Shehab El-Din Ahmed

Personal information
- Full name: Shehab El-Din Ahmed Saad Ahmed Saad
- Date of birth: 22 August 1990 (age 36)
- Place of birth: Egypt
- Height: 1.70 m (5 ft 7 in)
- Position: Midfielder

Youth career
- Al Ahly

Senior career*
- Years: Team / Apps / (Gls)
- 2008–2014: Al Ahly / 48 / (3)
- 2014–2015: El-Gaish / 10 / (0)
- 2015: Petrojet / 10 / (1)
- 2015–2018: El Entag El Harby / 49 / (1)
- 2018: Al Assiouty / 6 / (0)
- 2018–2019: Al-Bukayriyah
- 2020: Al-Taqadom

International career
- 2009–2010: Egypt U-20 / 12 / (2)
- 2010–2012: Egypt U-23 / 26 / (1)

= Shehab El-Din Ahmed =

Egyptian footballer (born 1990)

Shehab El-Din Ahmed Saad Ahmed Saad (شهاب الدين أحمد سعد أحمد سعد) (born on 22 August 1990, Cairo) is an Egyptian footballer who plays as a midfielder.
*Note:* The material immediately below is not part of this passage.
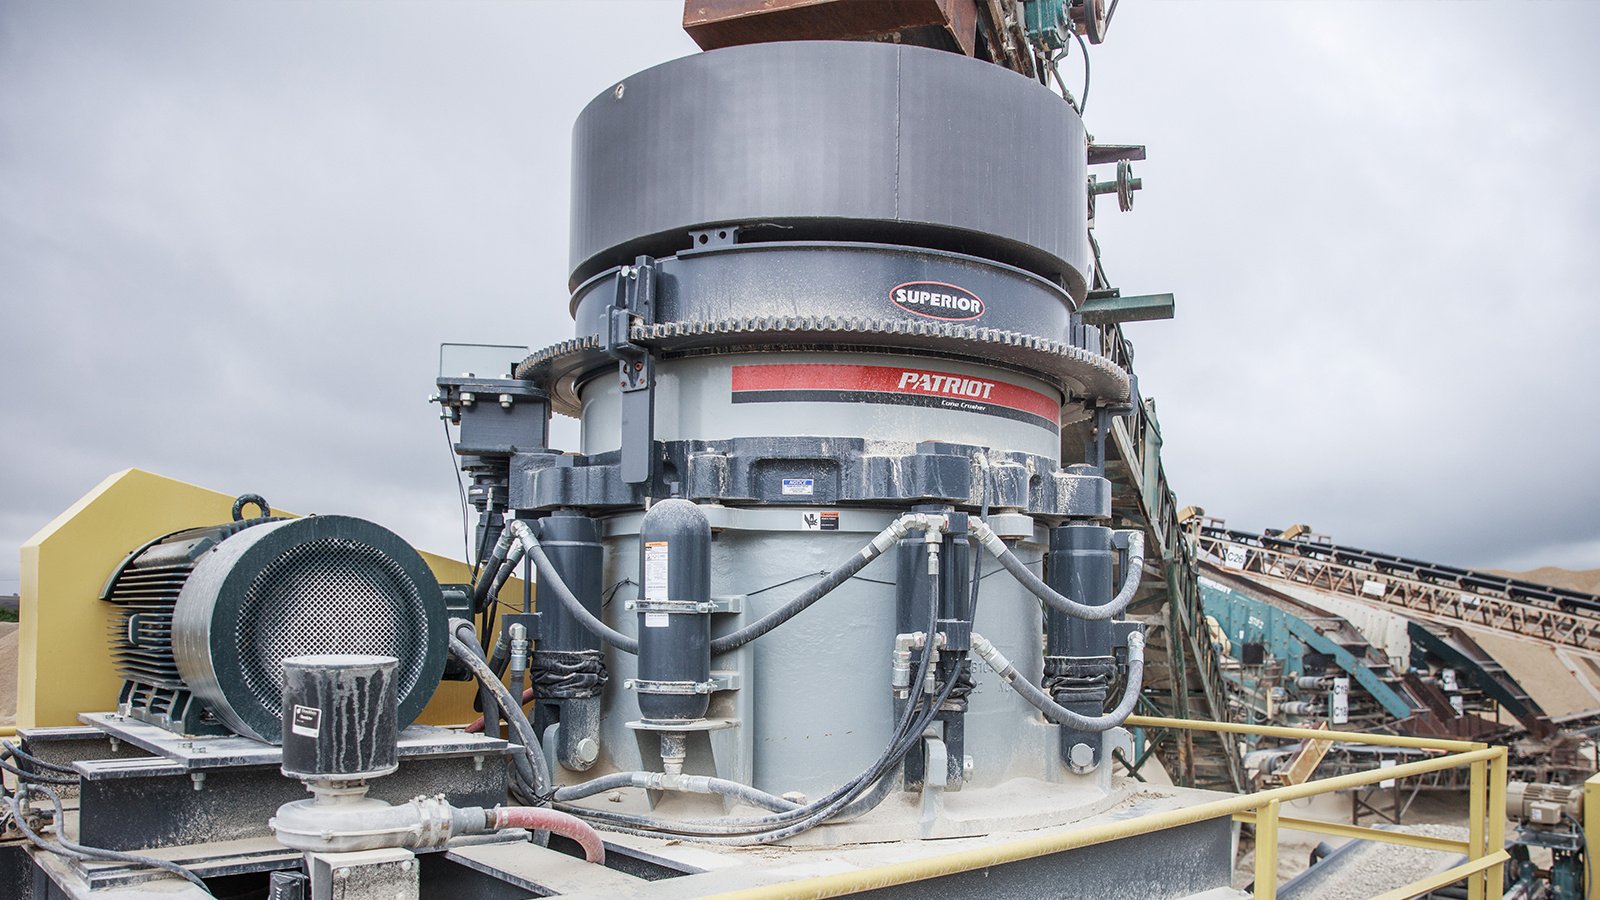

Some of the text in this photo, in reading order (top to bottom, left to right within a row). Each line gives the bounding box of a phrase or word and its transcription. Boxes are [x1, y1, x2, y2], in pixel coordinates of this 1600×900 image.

He made his debut with Al Ahly in a Premier League match on 20 May 2009 against Tersana. He scored 3 premier league goals and a famous winning goal against Ettihad Libya in the quarter-final of the Champions league 2010 from a long-distance shot.

Despite a promising start with Al-Ahly, Ahmed left the club in 2014 for Tala'ea El Gaish SC. Spells at Petrojet SC, El Entag El Harby SC and Al Assiouty Sport followed.

He competed in the 2012 Summer Olympics for Egypt.